Iconic, beautiful and... imperfect. Without a doubt, this is the characteristic that makes Scala Contarini del Bovolo a rare gem of Venetian architecture.
Hidden in a maze of ‘calli‘ and canals, just steps from Campo Manin, visitors will find an architectural gem featuring a combination of Renaissance, Gothic and Byzantine elements. The Scala Contarini del Bovolo is a historic building of unmatched beauty that also owes some of its charm to the intrigue surrounding its namesake staircase. According to historic records, it was commissioned by Pietro Contarini towards the end of 1400; however, there is still some uncertainty about the true identity of its creator. The most credible version attributes it to Giovanni Candi, referred to in historical records as a ‘marangon‘, meaning a carpenter and woodworker as opposed to an architect. This would explain the architectural inconsistencies of the building, which are quite noticeable when climbing the staircase.

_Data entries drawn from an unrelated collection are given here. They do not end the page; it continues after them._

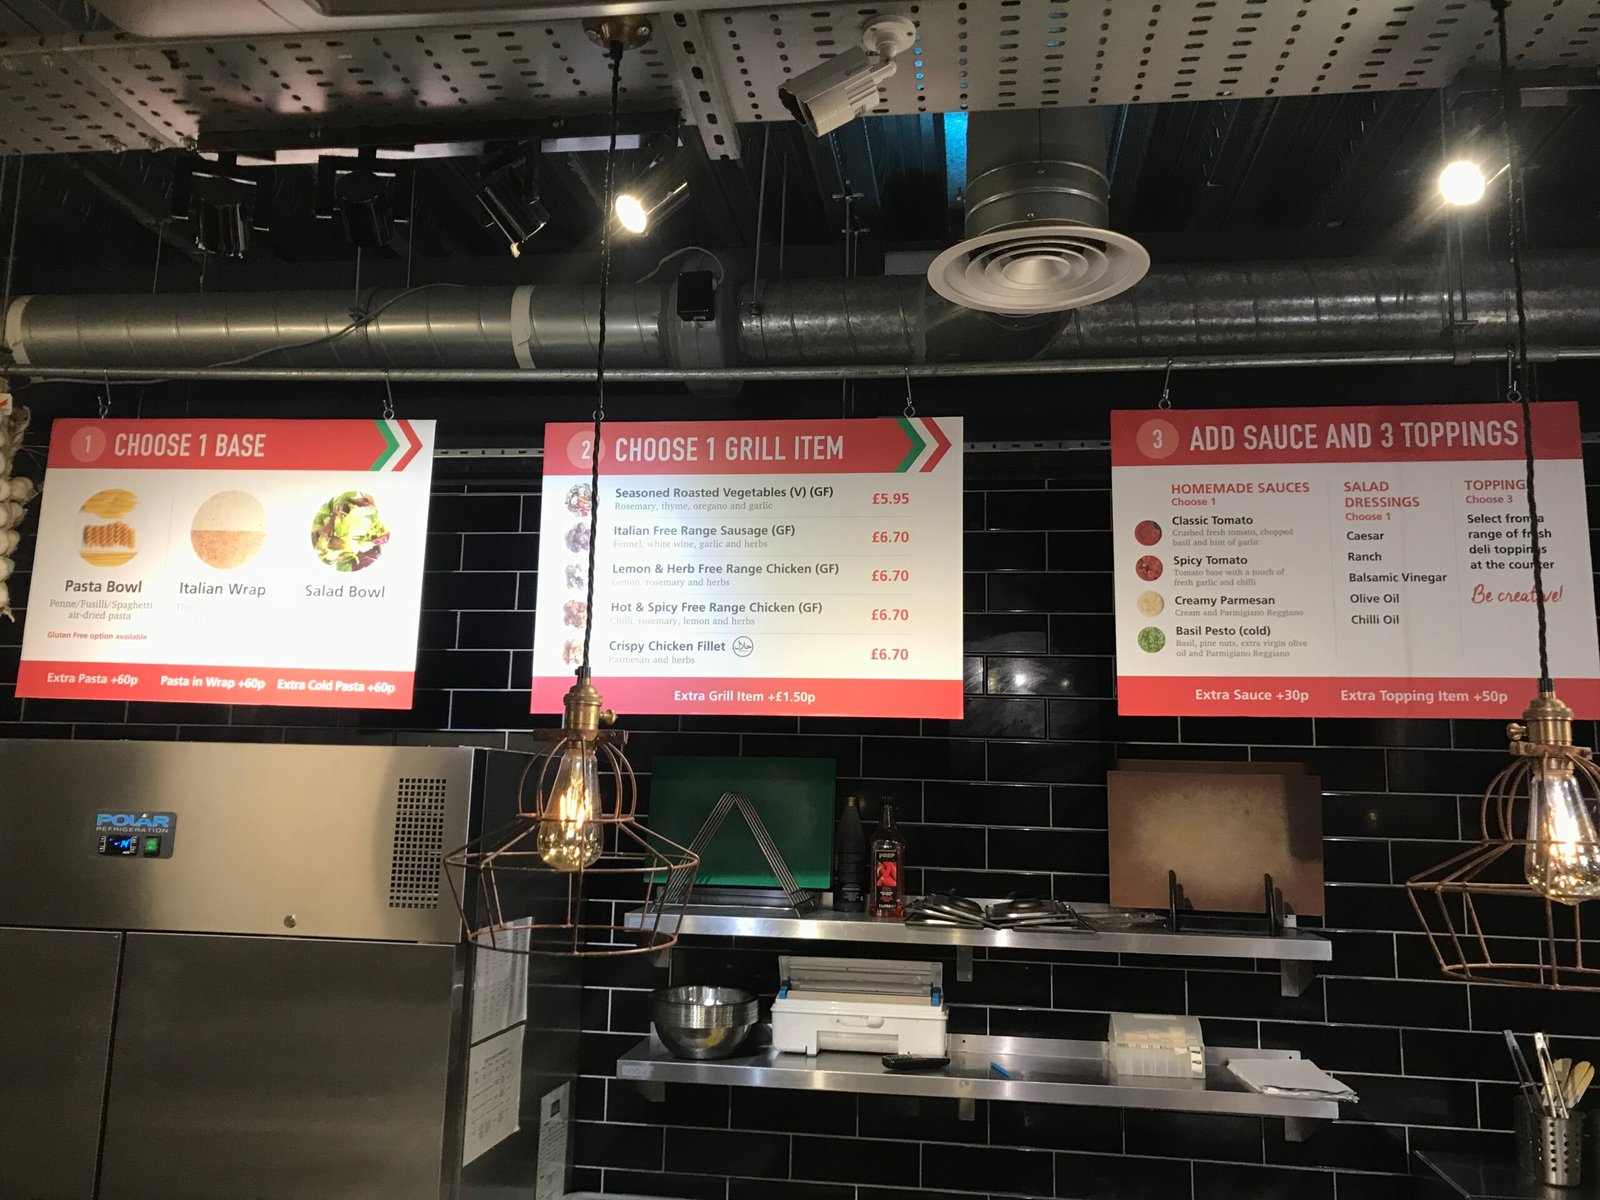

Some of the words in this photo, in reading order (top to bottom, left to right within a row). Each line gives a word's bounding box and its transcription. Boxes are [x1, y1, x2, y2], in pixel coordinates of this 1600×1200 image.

[1153, 429, 1162, 449] 3
[1189, 425, 1235, 451] ADD
[1243, 423, 1318, 450] SAUCE
[1325, 422, 1372, 449] AND
[1380, 422, 1394, 448] 3
[1400, 419, 1518, 447] TOPPINGS
[85, 435, 91, 453] 1
[114, 433, 192, 456] CHOOSE
[199, 433, 207, 457] 1
[214, 433, 266, 457] BASE
[581, 440, 591, 459] 2
[615, 437, 698, 462] CHOOSE
[706, 436, 714, 461] 1
[725, 436, 786, 461] GRILL
[794, 435, 843, 460] ITEM
[615, 487, 670, 498] Seasoned
[673, 487, 719, 498] Roasted
[722, 486, 786, 500] Vegetables
[789, 486, 806, 499] (V)
[809, 486, 834, 498] (GF)
[1171, 482, 1253, 494] HOMEMADE
[1257, 481, 1310, 493] SAUCES
[1343, 481, 1389, 492] SALAD
[872, 492, 909, 504] £5.95
[1171, 497, 1208, 506] Choose
[1210, 497, 1216, 506] 1
[1344, 496, 1420, 508] DRESSINGS
[1465, 494, 1504, 504] Choose
[1506, 494, 1513, 503] 3
[614, 502, 658, 512] Rosemary,
[661, 501, 690, 512] thyme,
[692, 503, 728, 512] oregano
[729, 501, 746, 510] and
[748, 500, 773, 511] garlic
[1172, 515, 1208, 525] Classic
[1210, 515, 1254, 525] Tomato
[1345, 512, 1382, 521] Choose
[1385, 511, 1390, 520] 1
[1467, 514, 1502, 524] Select
[1538, 514, 1545, 523] a
[614, 525, 650, 536] Italian
[653, 525, 678, 536] Free
[680, 525, 717, 538] Range
[720, 525, 768, 538] Sausage
[771, 524, 795, 537] (GF)
[871, 530, 909, 543] £6.70
[1171, 528, 1204, 536] Crushed
[1206, 528, 1226, 536] fresh
[1227, 529, 1258, 537] tomato,
[1259, 527, 1294, 537] chopped
[1346, 531, 1384, 541] Caesar
[1468, 531, 1502, 541] range
[1506, 528, 1519, 539] of
[1522, 528, 1552, 539] frsh
[1347, 551, 1382, 561] Ranch
[1469, 544, 1491, 555] deli
[1495, 544, 1547, 556] toppins
[1173, 555, 1202, 567] Spicy
[1205, 555, 1248, 565] Tomato
[1470, 560, 1483, 570] at
[1485, 559, 1505, 569] the
[612, 563, 651, 574] Lemon
[654, 563, 663, 573] &
[666, 562, 695, 574] Herb
[698, 563, 723, 574] Free
[726, 563, 762, 576] Range
[766, 562, 812, 574] Chicken
[814, 562, 839, 575] (GF)
[871, 569, 909, 582] £6.70
[1172, 568, 1204, 576] Tomato
[1205, 567, 1223, 576] base
[1224, 567, 1243, 576] with
[1251, 567, 1274, 576] touch
[1276, 567, 1285, 575] of
[1348, 572, 1398, 582] Balsamic
[1401, 572, 1447, 584] Vinegar
[64, 579, 102, 592] Pasta
[106, 580, 142, 593] Bowl
[179, 581, 223, 594] Italian
[228, 583, 266, 598] Wrap
[305, 584, 344, 597] Salad
[348, 585, 385, 598] Bowl
[1349, 593, 1380, 603] Olive
[1383, 593, 1399, 603] Oil
[1471, 583, 1493, 604] Be
[1497, 583, 1564, 602] creatve!
[49, 598, 153, 611] Penne/Fusilli/Spaghetti
[1174, 595, 1217, 607] Creamy
[1220, 595, 1275, 605] Parmesan
[610, 602, 632, 612] Hot
[635, 601, 644, 612] &
[648, 601, 678, 615] Spicy
[681, 602, 706, 612] Free
[709, 602, 746, 615] Range
[749, 601, 795, 613] Chicken
[798, 601, 822, 614] (GF)
[871, 608, 909, 621] £6.70
[1174, 608, 1201, 616] Cream
[1202, 608, 1218, 616] and
[1219, 608, 1265, 618] Parmigiano
[1266, 608, 1304, 618] Reggiano
[67, 610, 106, 620] air-dried
[107, 612, 131, 622] pasta
[1350, 614, 1380, 625] Chilli
[1382, 614, 1399, 625] Oil
[46, 631, 72, 639] Gluten
[72, 631, 88, 639] Free
[89, 632, 114, 641] option
[1176, 625, 1202, 635] Basil
[1204, 626, 1236, 635] Pesto
[1238, 625, 1271, 637] (cold)
[608, 640, 645, 653] Crispy
[648, 640, 694, 651] Chicken
[697, 640, 726, 651] Fillet
[1175, 639, 1197, 648] Basil,
[1199, 639, 1216, 649] pine
[1218, 640, 1239, 648] nuts,
[1262, 639, 1286, 649] virgin
[1288, 639, 1308, 647] olive
[870, 647, 908, 660] £6.70
[46, 672, 76, 683] Extra
[78, 673, 108, 684] Pasta
[110, 674, 138, 687] +60p
[160, 675, 190, 686] Pasta
[192, 675, 203, 687] in
[205, 676, 236, 690] Wrap
[237, 677, 266, 691] +60p
[276, 678, 306, 690] Extra
[307, 679, 334, 691] Cold
[334, 680, 365, 692] Pasta
[367, 681, 396, 695] +60p
[674, 690, 705, 701] Extra
[708, 690, 733, 701] Grill
[737, 690, 764, 702] Item
[767, 691, 816, 705] +£1.50p
[1195, 689, 1230, 700] Extra
[1233, 689, 1272, 700] Sauce
[1276, 689, 1309, 703] +30p
[1340, 689, 1376, 701] Extra
[1378, 689, 1434, 704] Topping
[1438, 690, 1469, 702] Item
[1473, 690, 1508, 705] +50p
[96, 813, 169, 827] POLAR

Mysteries aside, those who are not afraid of heights can climb to the top of this 26m ‘bovolo‘ (snail-shell) stairwell, enclosed in a cylinder perforated like lace, to admire a rare view of the city. Amidst its rooftops, you will notice one of Venice‘s trademark architectural features: the ‘altane‘ (covered wooden roof terrace).
The loggia on the second floor of the Scala del Bovolo leads to the Sala of Palazzo Contarini, which hosts a display of paintings, sculptures and applied objet d‘art. The collection is modest but it offers the visitor an insightful glimpse into Venetian lifestyles from the 16th through 18th centuries.